What this task involves: Reproduce each of the entries that follow, exactly.

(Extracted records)
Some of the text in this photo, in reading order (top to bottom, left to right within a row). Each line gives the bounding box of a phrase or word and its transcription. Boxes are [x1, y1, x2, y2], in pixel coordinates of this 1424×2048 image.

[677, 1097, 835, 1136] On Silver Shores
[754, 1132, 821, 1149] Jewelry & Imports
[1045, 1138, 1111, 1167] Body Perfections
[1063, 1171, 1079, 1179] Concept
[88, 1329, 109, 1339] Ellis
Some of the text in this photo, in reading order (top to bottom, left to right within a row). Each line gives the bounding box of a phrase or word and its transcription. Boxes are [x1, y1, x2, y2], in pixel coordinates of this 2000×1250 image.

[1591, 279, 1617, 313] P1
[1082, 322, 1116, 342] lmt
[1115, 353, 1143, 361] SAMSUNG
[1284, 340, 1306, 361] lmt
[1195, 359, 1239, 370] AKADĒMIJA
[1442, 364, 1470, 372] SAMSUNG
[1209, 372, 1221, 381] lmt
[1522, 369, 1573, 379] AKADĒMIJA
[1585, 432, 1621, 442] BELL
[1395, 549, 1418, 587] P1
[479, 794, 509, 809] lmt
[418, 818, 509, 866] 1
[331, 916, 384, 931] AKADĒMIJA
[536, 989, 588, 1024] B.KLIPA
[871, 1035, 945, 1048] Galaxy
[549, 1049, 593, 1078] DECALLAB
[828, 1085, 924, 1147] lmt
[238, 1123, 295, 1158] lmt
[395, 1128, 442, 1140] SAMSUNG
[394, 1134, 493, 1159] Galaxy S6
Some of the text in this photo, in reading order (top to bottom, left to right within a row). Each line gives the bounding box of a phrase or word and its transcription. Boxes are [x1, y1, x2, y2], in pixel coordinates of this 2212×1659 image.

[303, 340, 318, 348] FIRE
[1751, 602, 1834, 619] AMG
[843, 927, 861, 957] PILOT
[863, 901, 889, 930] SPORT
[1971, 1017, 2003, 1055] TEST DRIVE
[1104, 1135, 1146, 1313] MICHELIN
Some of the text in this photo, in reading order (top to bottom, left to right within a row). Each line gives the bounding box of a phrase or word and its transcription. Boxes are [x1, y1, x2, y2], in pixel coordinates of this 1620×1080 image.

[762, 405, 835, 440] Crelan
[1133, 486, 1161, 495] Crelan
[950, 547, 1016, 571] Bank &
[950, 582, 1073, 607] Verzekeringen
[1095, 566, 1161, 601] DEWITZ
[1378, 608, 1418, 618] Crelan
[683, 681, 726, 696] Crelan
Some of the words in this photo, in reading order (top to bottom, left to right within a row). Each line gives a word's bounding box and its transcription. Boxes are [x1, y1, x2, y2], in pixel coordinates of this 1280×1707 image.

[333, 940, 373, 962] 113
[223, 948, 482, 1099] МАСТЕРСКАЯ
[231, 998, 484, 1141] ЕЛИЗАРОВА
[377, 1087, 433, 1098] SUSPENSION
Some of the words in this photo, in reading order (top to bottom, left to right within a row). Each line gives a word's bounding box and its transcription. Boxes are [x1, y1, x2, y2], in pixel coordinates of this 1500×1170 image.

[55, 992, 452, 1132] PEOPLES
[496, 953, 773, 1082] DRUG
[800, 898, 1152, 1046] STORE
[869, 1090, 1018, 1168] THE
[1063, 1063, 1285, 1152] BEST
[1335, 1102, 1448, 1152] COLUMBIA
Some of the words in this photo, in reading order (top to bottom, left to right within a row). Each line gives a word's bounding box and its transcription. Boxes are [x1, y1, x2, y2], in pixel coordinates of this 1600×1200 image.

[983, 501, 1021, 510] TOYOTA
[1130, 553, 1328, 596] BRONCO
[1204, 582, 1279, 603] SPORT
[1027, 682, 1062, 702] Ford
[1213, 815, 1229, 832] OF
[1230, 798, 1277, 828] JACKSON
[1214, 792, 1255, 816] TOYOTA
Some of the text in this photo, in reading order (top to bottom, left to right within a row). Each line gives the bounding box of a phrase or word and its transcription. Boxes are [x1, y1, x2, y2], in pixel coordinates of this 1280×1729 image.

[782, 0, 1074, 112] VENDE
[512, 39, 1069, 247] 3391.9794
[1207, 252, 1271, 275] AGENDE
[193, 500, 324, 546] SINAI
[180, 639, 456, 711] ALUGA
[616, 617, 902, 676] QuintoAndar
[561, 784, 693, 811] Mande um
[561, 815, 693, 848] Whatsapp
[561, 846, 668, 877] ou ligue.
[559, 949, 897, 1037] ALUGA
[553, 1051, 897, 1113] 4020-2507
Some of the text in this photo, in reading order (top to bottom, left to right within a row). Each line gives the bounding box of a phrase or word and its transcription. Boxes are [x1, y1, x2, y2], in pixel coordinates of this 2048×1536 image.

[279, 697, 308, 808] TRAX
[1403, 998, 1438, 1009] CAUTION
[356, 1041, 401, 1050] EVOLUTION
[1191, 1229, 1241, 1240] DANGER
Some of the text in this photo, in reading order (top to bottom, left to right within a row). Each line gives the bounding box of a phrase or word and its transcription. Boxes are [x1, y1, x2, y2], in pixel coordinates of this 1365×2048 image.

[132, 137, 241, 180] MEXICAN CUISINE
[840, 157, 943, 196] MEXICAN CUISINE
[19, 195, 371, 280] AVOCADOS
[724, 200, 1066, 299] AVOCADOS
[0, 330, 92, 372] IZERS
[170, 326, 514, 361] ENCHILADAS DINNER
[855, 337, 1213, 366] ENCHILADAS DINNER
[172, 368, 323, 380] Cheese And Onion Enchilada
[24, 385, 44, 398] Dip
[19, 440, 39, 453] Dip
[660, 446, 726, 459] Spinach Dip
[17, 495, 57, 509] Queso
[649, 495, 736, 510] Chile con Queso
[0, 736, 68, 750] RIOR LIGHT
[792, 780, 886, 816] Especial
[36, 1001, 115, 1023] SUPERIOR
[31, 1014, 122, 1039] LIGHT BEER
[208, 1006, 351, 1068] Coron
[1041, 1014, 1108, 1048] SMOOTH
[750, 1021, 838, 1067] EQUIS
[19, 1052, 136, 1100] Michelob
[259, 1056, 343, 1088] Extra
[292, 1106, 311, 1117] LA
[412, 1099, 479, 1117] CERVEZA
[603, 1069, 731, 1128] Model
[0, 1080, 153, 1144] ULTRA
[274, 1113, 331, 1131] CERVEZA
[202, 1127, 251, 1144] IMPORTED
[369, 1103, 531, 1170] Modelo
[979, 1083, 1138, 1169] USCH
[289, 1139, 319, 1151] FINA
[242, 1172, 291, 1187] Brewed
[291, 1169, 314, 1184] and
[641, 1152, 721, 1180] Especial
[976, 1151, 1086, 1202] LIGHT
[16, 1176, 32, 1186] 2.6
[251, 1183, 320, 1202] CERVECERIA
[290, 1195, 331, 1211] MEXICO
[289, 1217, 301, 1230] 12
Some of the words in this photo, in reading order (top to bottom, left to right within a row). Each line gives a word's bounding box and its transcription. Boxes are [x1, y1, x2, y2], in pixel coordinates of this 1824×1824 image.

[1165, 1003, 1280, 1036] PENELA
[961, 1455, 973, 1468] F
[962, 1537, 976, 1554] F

Written solution:
Some of the text in this photo, in reading order (top to bottom, left to right within a row). Each line gives the bounding box of a phrase or word and its transcription. Boxes are [x1, y1, x2, y2], in pixel coordinates of this 1424×2048 image.

[677, 1097, 835, 1136] On Silver Shores
[754, 1132, 821, 1149] Jewelry & Imports
[1045, 1138, 1111, 1167] Body Perfections
[1063, 1171, 1079, 1179] Concept
[88, 1329, 109, 1339] Ellis
Some of the text in this photo, in reading order (top to bottom, left to right within a row). Each line gives the bounding box of a phrase or word and its transcription. Boxes are [x1, y1, x2, y2], in pixel coordinates of this 2000×1250 image.

[1591, 279, 1617, 313] P1
[1082, 322, 1116, 342] lmt
[1115, 353, 1143, 361] SAMSUNG
[1284, 340, 1306, 361] lmt
[1195, 359, 1239, 370] AKADĒMIJA
[1442, 364, 1470, 372] SAMSUNG
[1209, 372, 1221, 381] lmt
[1522, 369, 1573, 379] AKADĒMIJA
[1585, 432, 1621, 442] BELL
[1395, 549, 1418, 587] P1
[479, 794, 509, 809] lmt
[418, 818, 509, 866] 1
[331, 916, 384, 931] AKADĒMIJA
[536, 989, 588, 1024] B.KLIPA
[871, 1035, 945, 1048] Galaxy
[549, 1049, 593, 1078] DECALLAB
[828, 1085, 924, 1147] lmt
[238, 1123, 295, 1158] lmt
[395, 1128, 442, 1140] SAMSUNG
[394, 1134, 493, 1159] Galaxy S6
Some of the text in this photo, in reading order (top to bottom, left to right within a row). Each line gives the bounding box of a phrase or word and its transcription. Boxes are [x1, y1, x2, y2], in pixel coordinates of this 2212×1659 image.

[303, 340, 318, 348] FIRE
[1751, 602, 1834, 619] AMG
[843, 927, 861, 957] PILOT
[863, 901, 889, 930] SPORT
[1971, 1017, 2003, 1055] TEST DRIVE
[1104, 1135, 1146, 1313] MICHELIN
Some of the text in this photo, in reading order (top to bottom, left to right within a row). Each line gives the bounding box of a phrase or word and its transcription. Boxes are [x1, y1, x2, y2], in pixel coordinates of this 1620×1080 image.

[762, 405, 835, 440] Crelan
[1133, 486, 1161, 495] Crelan
[950, 547, 1016, 571] Bank &
[950, 582, 1073, 607] Verzekeringen
[1095, 566, 1161, 601] DEWITZ
[1378, 608, 1418, 618] Crelan
[683, 681, 726, 696] Crelan
Some of the words in this photo, in reading order (top to bottom, left to right within a row). Each line gives a word's bounding box and its transcription. Boxes are [x1, y1, x2, y2], in pixel coordinates of this 1280×1707 image.

[333, 940, 373, 962] 113
[223, 948, 482, 1099] МАСТЕРСКАЯ
[231, 998, 484, 1141] ЕЛИЗАРОВА
[377, 1087, 433, 1098] SUSPENSION
Some of the words in this photo, in reading order (top to bottom, left to right within a row). Each line gives a word's bounding box and its transcription. Boxes are [x1, y1, x2, y2], in pixel coordinates of this 1500×1170 image.

[55, 992, 452, 1132] PEOPLES
[496, 953, 773, 1082] DRUG
[800, 898, 1152, 1046] STORE
[869, 1090, 1018, 1168] THE
[1063, 1063, 1285, 1152] BEST
[1335, 1102, 1448, 1152] COLUMBIA
Some of the words in this photo, in reading order (top to bottom, left to right within a row). Each line gives a word's bounding box and its transcription. Boxes are [x1, y1, x2, y2], in pixel coordinates of this 1600×1200 image.

[983, 501, 1021, 510] TOYOTA
[1130, 553, 1328, 596] BRONCO
[1204, 582, 1279, 603] SPORT
[1027, 682, 1062, 702] Ford
[1213, 815, 1229, 832] OF
[1230, 798, 1277, 828] JACKSON
[1214, 792, 1255, 816] TOYOTA
Some of the text in this photo, in reading order (top to bottom, left to right within a row). Each line gives the bounding box of a phrase or word and its transcription. Boxes are [x1, y1, x2, y2], in pixel coordinates of this 1280×1729 image.

[782, 0, 1074, 112] VENDE
[512, 39, 1069, 247] 3391.9794
[1207, 252, 1271, 275] AGENDE
[193, 500, 324, 546] SINAI
[180, 639, 456, 711] ALUGA
[616, 617, 902, 676] QuintoAndar
[561, 784, 693, 811] Mande um
[561, 815, 693, 848] Whatsapp
[561, 846, 668, 877] ou ligue.
[559, 949, 897, 1037] ALUGA
[553, 1051, 897, 1113] 4020-2507
Some of the text in this photo, in reading order (top to bottom, left to right within a row). Each line gives the bounding box of a phrase or word and its transcription. Boxes are [x1, y1, x2, y2], in pixel coordinates of this 2048×1536 image.

[279, 697, 308, 808] TRAX
[1403, 998, 1438, 1009] CAUTION
[356, 1041, 401, 1050] EVOLUTION
[1191, 1229, 1241, 1240] DANGER
Some of the text in this photo, in reading order (top to bottom, left to right within a row). Each line gives the bounding box of a phrase or word and its transcription. Boxes are [x1, y1, x2, y2], in pixel coordinates of this 1365×2048 image.

[132, 137, 241, 180] MEXICAN CUISINE
[840, 157, 943, 196] MEXICAN CUISINE
[19, 195, 371, 280] AVOCADOS
[724, 200, 1066, 299] AVOCADOS
[0, 330, 92, 372] IZERS
[170, 326, 514, 361] ENCHILADAS DINNER
[855, 337, 1213, 366] ENCHILADAS DINNER
[172, 368, 323, 380] Cheese And Onion Enchilada
[24, 385, 44, 398] Dip
[19, 440, 39, 453] Dip
[660, 446, 726, 459] Spinach Dip
[17, 495, 57, 509] Queso
[649, 495, 736, 510] Chile con Queso
[0, 736, 68, 750] RIOR LIGHT
[792, 780, 886, 816] Especial
[36, 1001, 115, 1023] SUPERIOR
[31, 1014, 122, 1039] LIGHT BEER
[208, 1006, 351, 1068] Coron
[1041, 1014, 1108, 1048] SMOOTH
[750, 1021, 838, 1067] EQUIS
[19, 1052, 136, 1100] Michelob
[259, 1056, 343, 1088] Extra
[292, 1106, 311, 1117] LA
[412, 1099, 479, 1117] CERVEZA
[603, 1069, 731, 1128] Model
[0, 1080, 153, 1144] ULTRA
[274, 1113, 331, 1131] CERVEZA
[202, 1127, 251, 1144] IMPORTED
[369, 1103, 531, 1170] Modelo
[979, 1083, 1138, 1169] USCH
[289, 1139, 319, 1151] FINA
[242, 1172, 291, 1187] Brewed
[291, 1169, 314, 1184] and
[641, 1152, 721, 1180] Especial
[976, 1151, 1086, 1202] LIGHT
[16, 1176, 32, 1186] 2.6
[251, 1183, 320, 1202] CERVECERIA
[290, 1195, 331, 1211] MEXICO
[289, 1217, 301, 1230] 12
Some of the words in this photo, in reading order (top to bottom, left to right within a row). Each line gives a word's bounding box and its transcription. Boxes are [x1, y1, x2, y2], in pixel coordinates of this 1824×1824 image.

[1165, 1003, 1280, 1036] PENELA
[961, 1455, 973, 1468] F
[962, 1537, 976, 1554] F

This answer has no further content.